For more than twenty years1 hospitals have used signs to guide staff and visitors on how to avoid exposure to various infections. Signs located immediately outside a patient’s room are commonly used to indicate specific measures needed before entering2. In the general community signs are also used to educate the public and to promote and guide behaviours which reduce spread of infectious disease. Nonetheless, researchers and casual observers in both healthcare and community settings report widespread disregard for these educational and promotional messages and warnings. To improve the impact of infection prevention signs it’s useful to consider when they work.
When you need to go to the bathroom, you’ll seek out signs that indicate one is nearby. When you’re in danger, you rely on signs to keep you safe from that danger. Road signs indicating “one way only” or “no entry oncoming traffic” are examples of how much we trust what signs tell us. Signs that warn of inconvenience, punishment, fines or loss of rights or privileges can also deter or encourage certain behaviours. Recent Australian non-smoking campaigns have used gross and confronting images of damaged body parts and dying smokers to promote quit programs. Early indications suggest this approach is reducing cigarette consumption.
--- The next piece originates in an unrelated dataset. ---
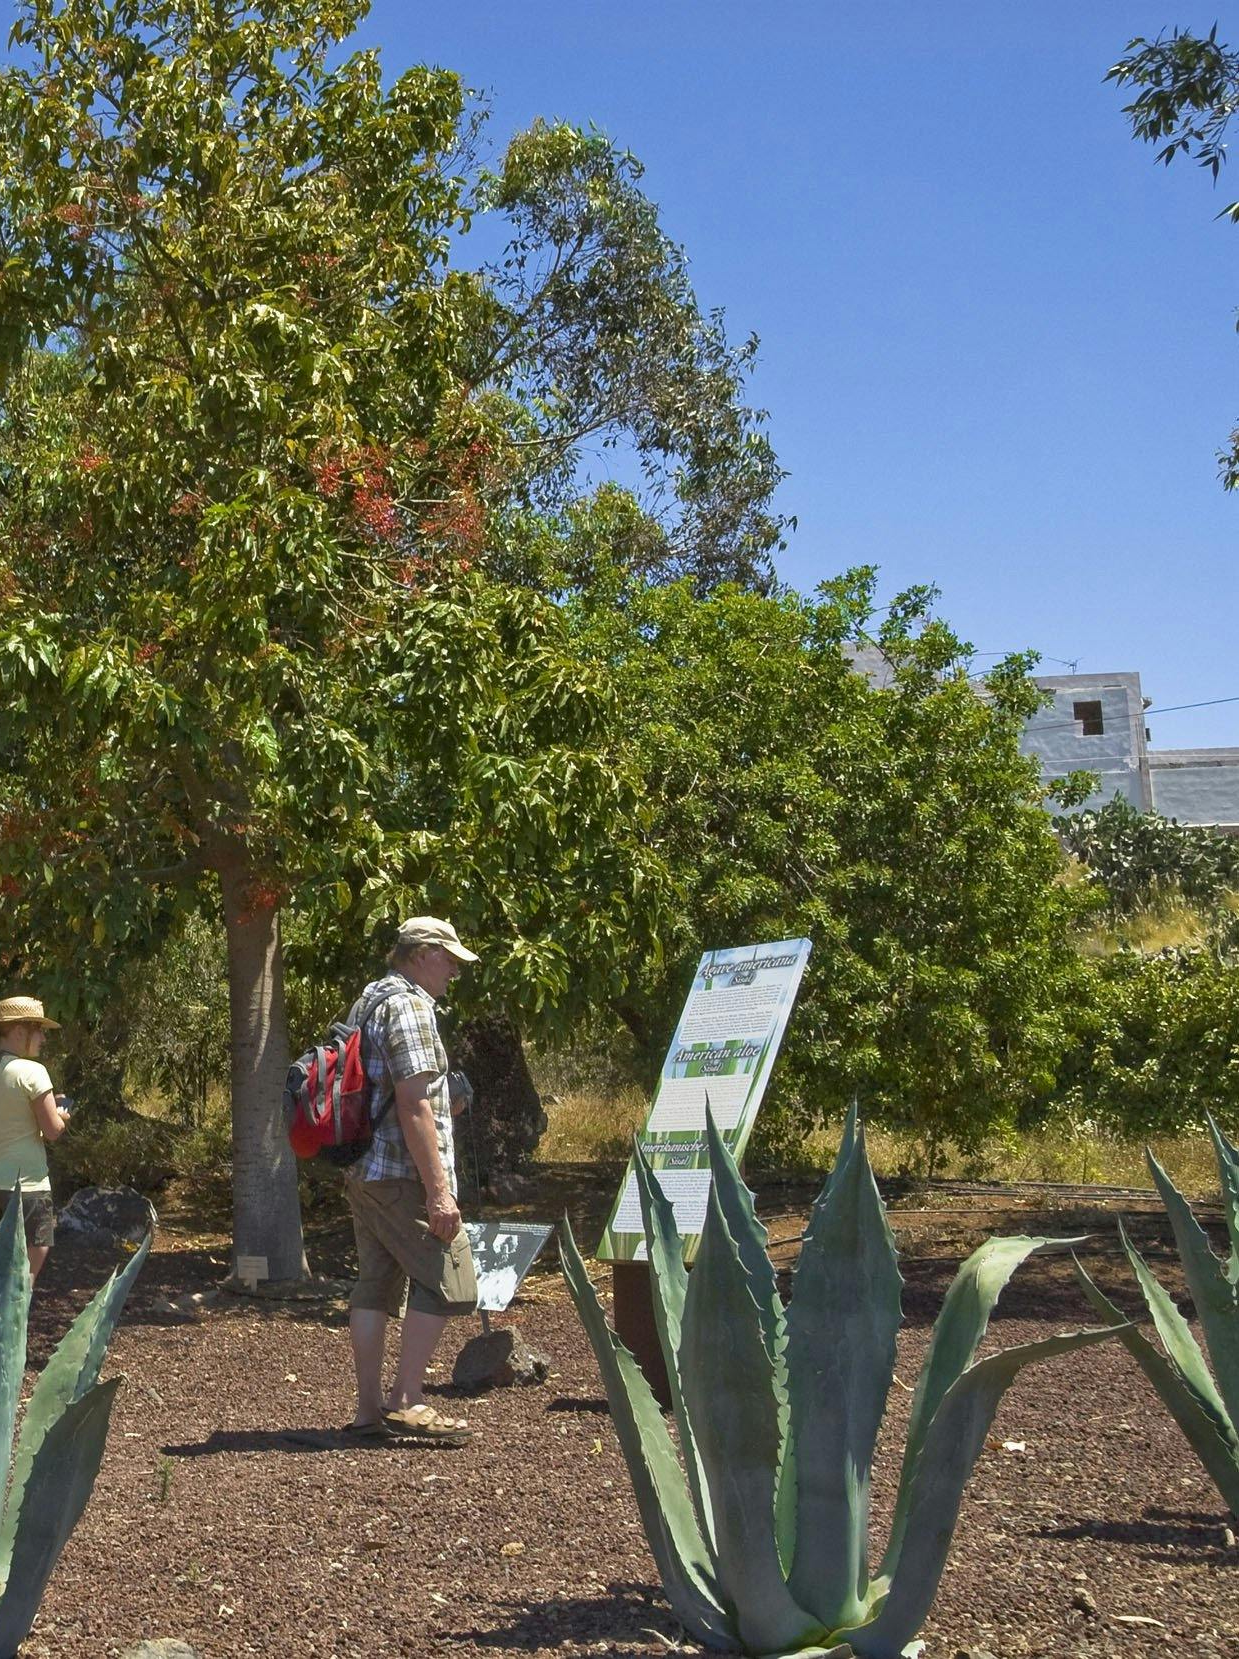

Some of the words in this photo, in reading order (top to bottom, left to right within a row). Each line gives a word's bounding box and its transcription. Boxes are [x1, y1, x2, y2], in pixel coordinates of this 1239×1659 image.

[701, 963, 733, 980] Agave
[734, 956, 797, 972] americana
[674, 1049, 730, 1063] American
[732, 1043, 759, 1057] aloe
To date only soft messaging has been used on most signs about infectious diseases and infection control. Simple illustrations and complex healthcare jargon have been the hallmarks of our signs. Naively we have assumed readers trust us, share our beliefs and values about infectious disease and that they understand our message and will commit to it. Additionally in hospitals we have often placed our isolation signs slightly out of view or developed them in cryptic form so as to ensure we respect the patient’s rights to privacy. We do it also to avoid invoking unnecessary concern or hysteria among non-clinical staff, family or visitors. Signs used in community settings are often attention-grabbing but scientifically incorrect which may reflect their design by advertising gurus, visual artists or other non-clinicians.
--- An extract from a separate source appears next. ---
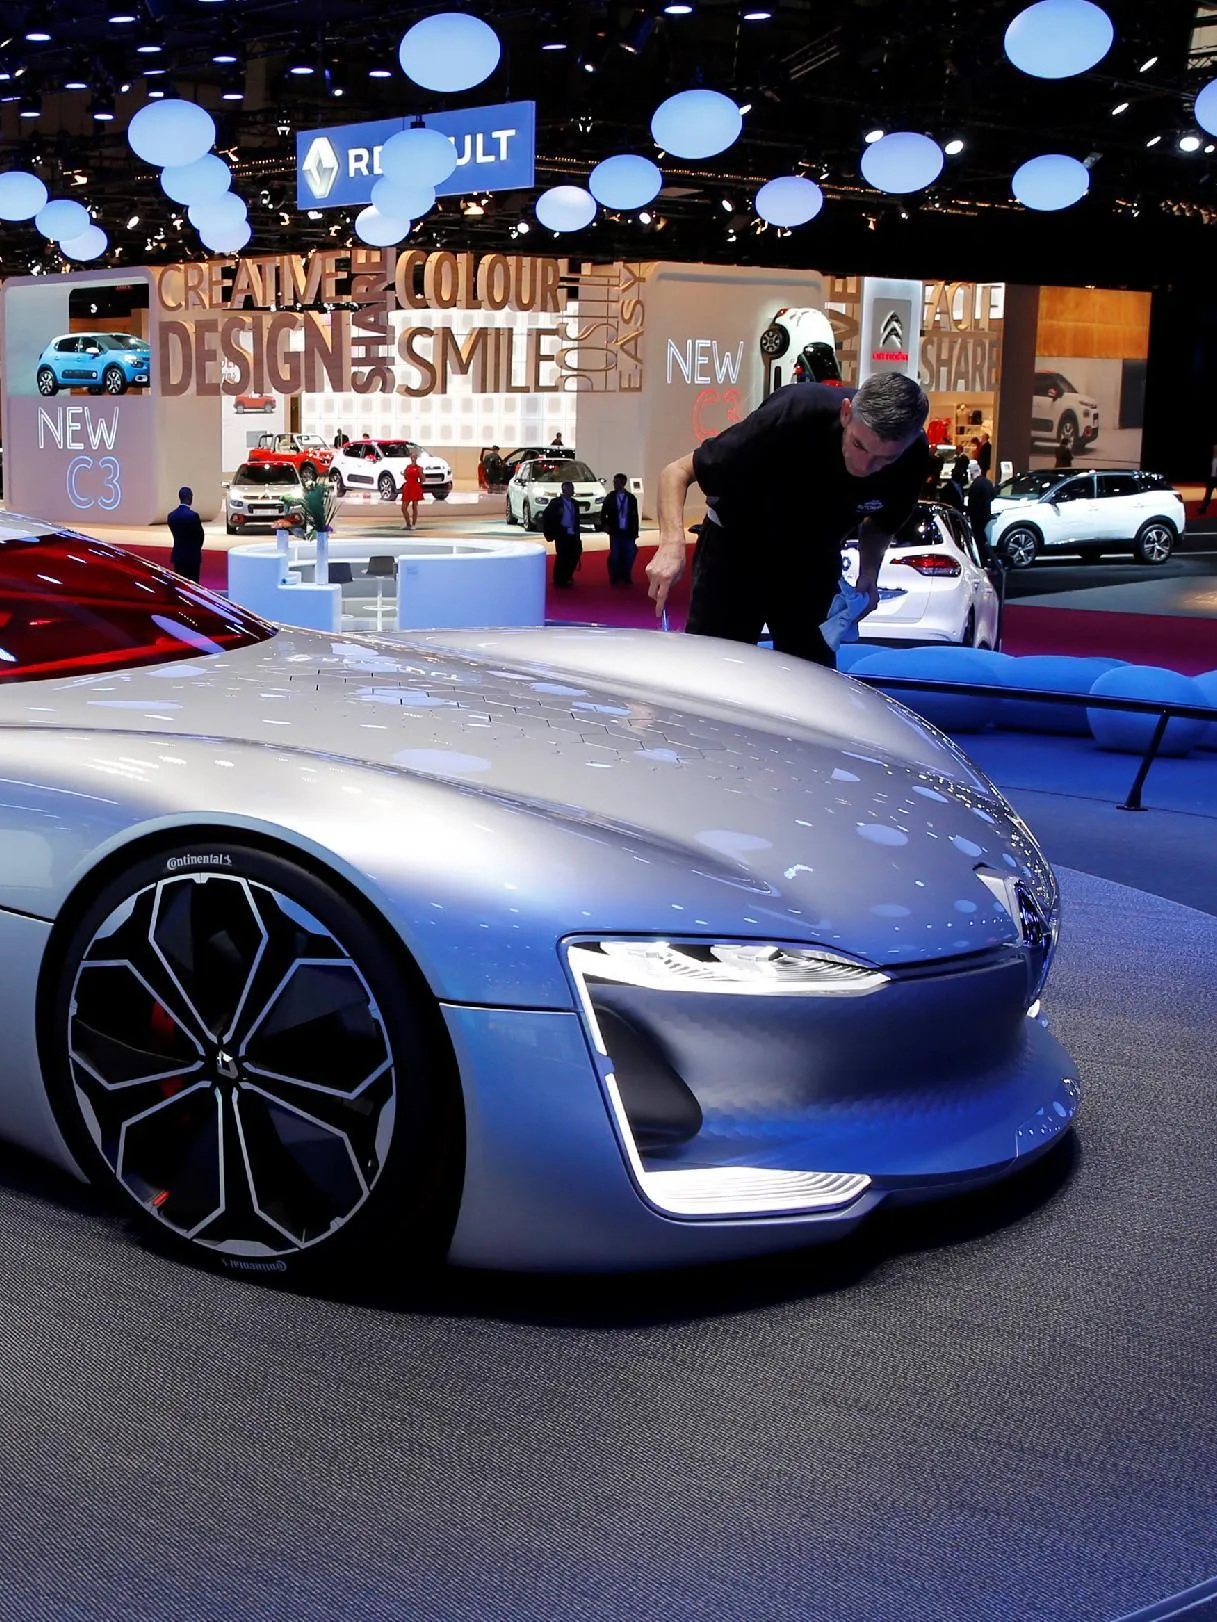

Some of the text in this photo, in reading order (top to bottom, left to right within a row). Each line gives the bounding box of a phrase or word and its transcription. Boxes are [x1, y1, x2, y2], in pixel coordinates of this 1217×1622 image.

As the human brain is increasingly overwhelmed with readily-accessible and ever-available information, infection prevention messaging becomes even more important. In hospitals our signs compete for the best piece of real estate. It is common to see hospital entrances and walls of wards plastered in signs about other equally significant clinical, human resource or service related announcements. Developing, designing and displaying an attention grabbing infection prevention sign is complex. Making sure that a sign changes behaviour and reduces transmission of infectious disease is an elusive goal. Many social media applications now provide us with attractive, far-reaching alternative platforms from which to convey our message. Regardless if we want our infection prevention messages to have impact there are general principles of messaging and communication we must apply. The following list provides a few examples of these principles which we hope you will consider when you next write or read an infection prevention message.
- Avoid confusing, ambiguous and easily misinterpreted language, terms and meaning
- Don’t make improbable or unbelievable statements
- If your sign evokes behaviours and actions contrary to what it is recommending – the sign is not working and needs to be reviewed
- Signs are only useful if they resonate with the reader
- Don’t place signs in places where they are obstructed
- Make sure the fonts used are readable and that images are consistent with the message of the text.
We have amassed an impressive collection of infection prevention signs from hospital and community settings around the world. Some we’ve developed others we’ve observed. Please feel free to share, re-pin and use these signs in your own efforts to make our world safer. You can access our collection on our Pinterest site by clicking through to the Signs Board.
1Soule BM. Universal Precations: Policies, Procedures, and Resources, Gina Pugliese, Patricia Lynch, Marguerite Jackson (Eds.). American Hospital Publishing, Chicago (1990). American Journal of Infection Control. 1992;20(2):85-86.
2Bessesen MT, Lopez K, Guerin K, et al. Comparison of control strategies for methicillin-resistant Staphylococcus aureus. American Journal of Infection Control. (0).